# Task details:
Would you return each record that follows word for word, without its pictures?
Segment Start: Data to process
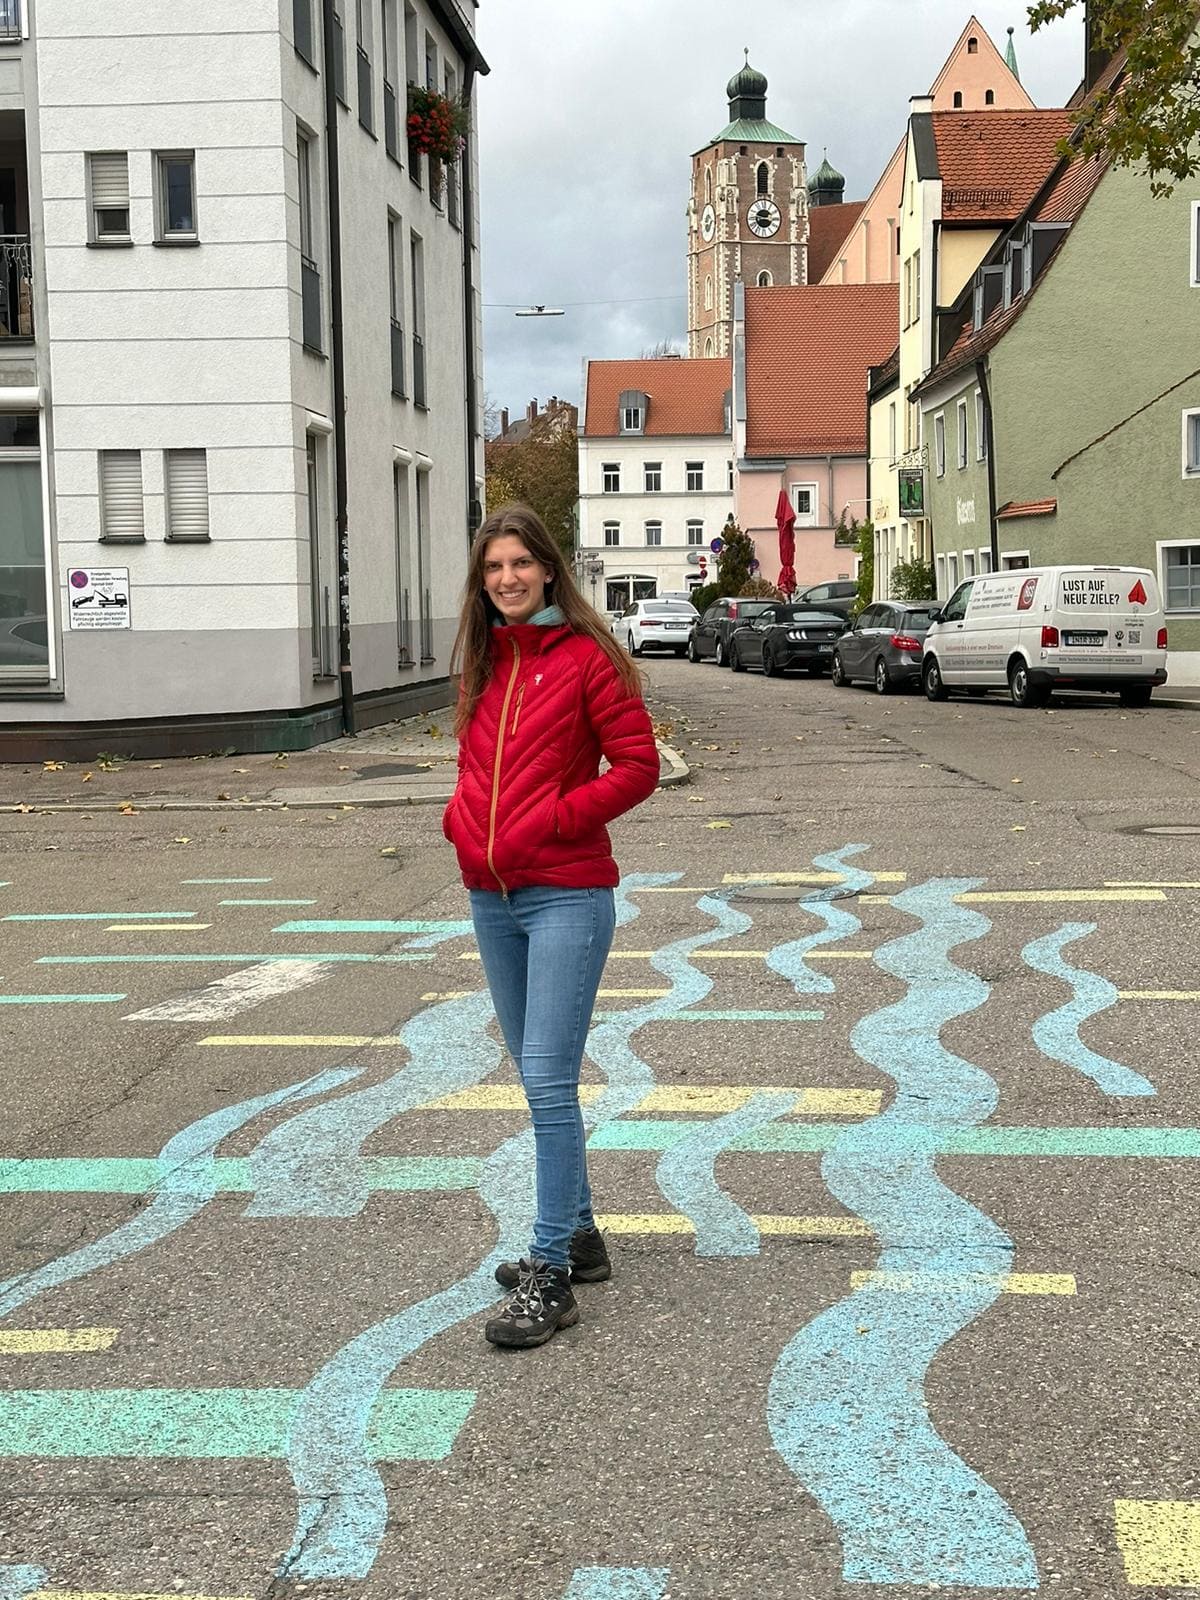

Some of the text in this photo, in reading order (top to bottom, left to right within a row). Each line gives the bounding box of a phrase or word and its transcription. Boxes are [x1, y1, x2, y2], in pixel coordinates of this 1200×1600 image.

[1062, 580, 1105, 591] LUST AUF
[1063, 593, 1120, 605] NEUE ZIELE?
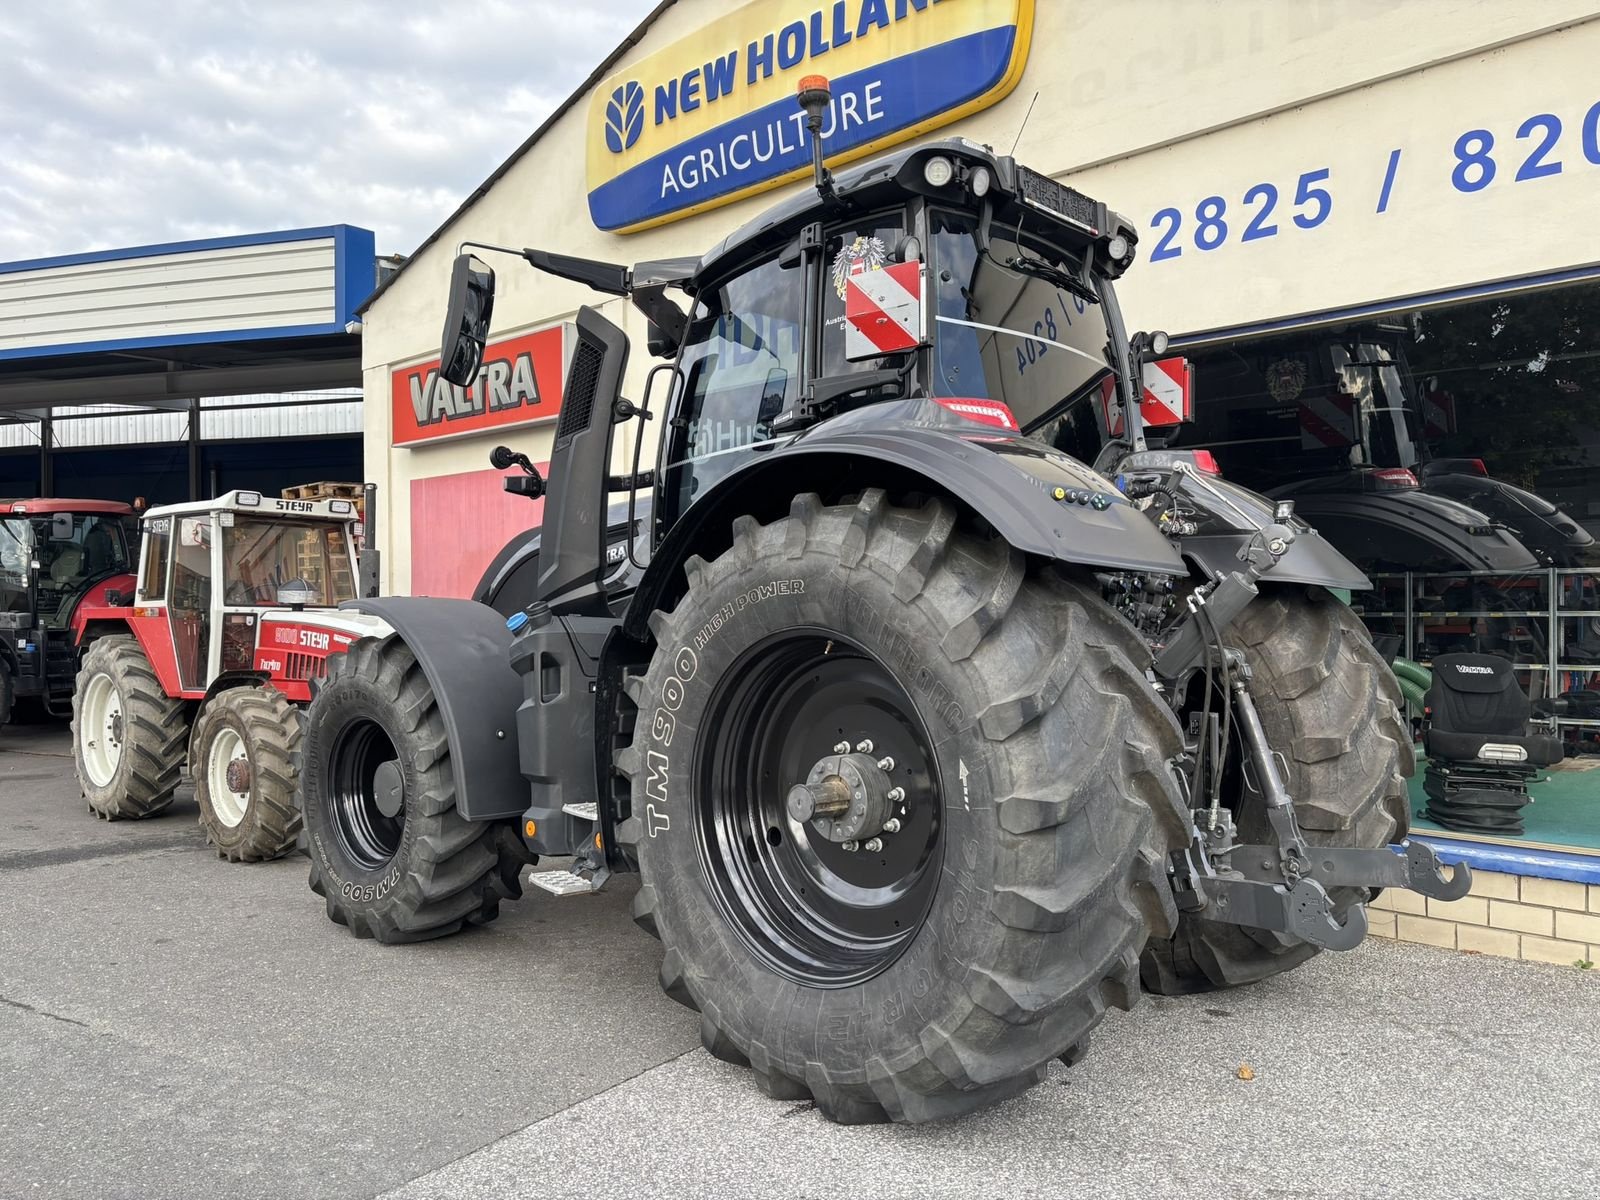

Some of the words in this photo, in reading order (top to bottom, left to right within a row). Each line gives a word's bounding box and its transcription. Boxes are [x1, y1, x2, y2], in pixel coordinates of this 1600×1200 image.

[655, 50, 738, 126] NEW
[747, 0, 950, 86] HOLLA
[661, 80, 884, 198] AGRICULTURE
[1149, 167, 1333, 263] 2825
[1376, 149, 1402, 214] /
[408, 351, 542, 428] VALTRA
[717, 419, 772, 455] Hus
[275, 500, 314, 512] STEYR
[299, 630, 330, 650] STEYR
[645, 646, 698, 838] TM900
[693, 602, 735, 650] HIGH
[735, 579, 805, 611] POWER
[341, 866, 400, 902] TM900
Segment End: Data to process
# Written answer:
Some of the text in this photo, in reading order (top to bottom, left to right within a row). Each line gives the bounding box of a phrase or word and its transcription. Boxes are [x1, y1, x2, y2], in pixel coordinates of this 1200×1600 image.

[1062, 580, 1105, 591] LUST AUF
[1063, 593, 1120, 605] NEUE ZIELE?

Some of the words in this photo, in reading order (top to bottom, left to right within a row). Each line gives a word's bounding box and its transcription. Boxes are [x1, y1, x2, y2], in pixel coordinates of this 1600×1200 image.

[655, 50, 738, 126] NEW
[747, 0, 950, 86] HOLLA
[661, 80, 884, 198] AGRICULTURE
[1149, 167, 1333, 263] 2825
[1376, 149, 1402, 214] /
[408, 351, 542, 428] VALTRA
[717, 419, 772, 455] Hus
[275, 500, 314, 512] STEYR
[299, 630, 330, 650] STEYR
[645, 646, 698, 838] TM900
[693, 602, 735, 650] HIGH
[735, 579, 805, 611] POWER
[341, 866, 400, 902] TM900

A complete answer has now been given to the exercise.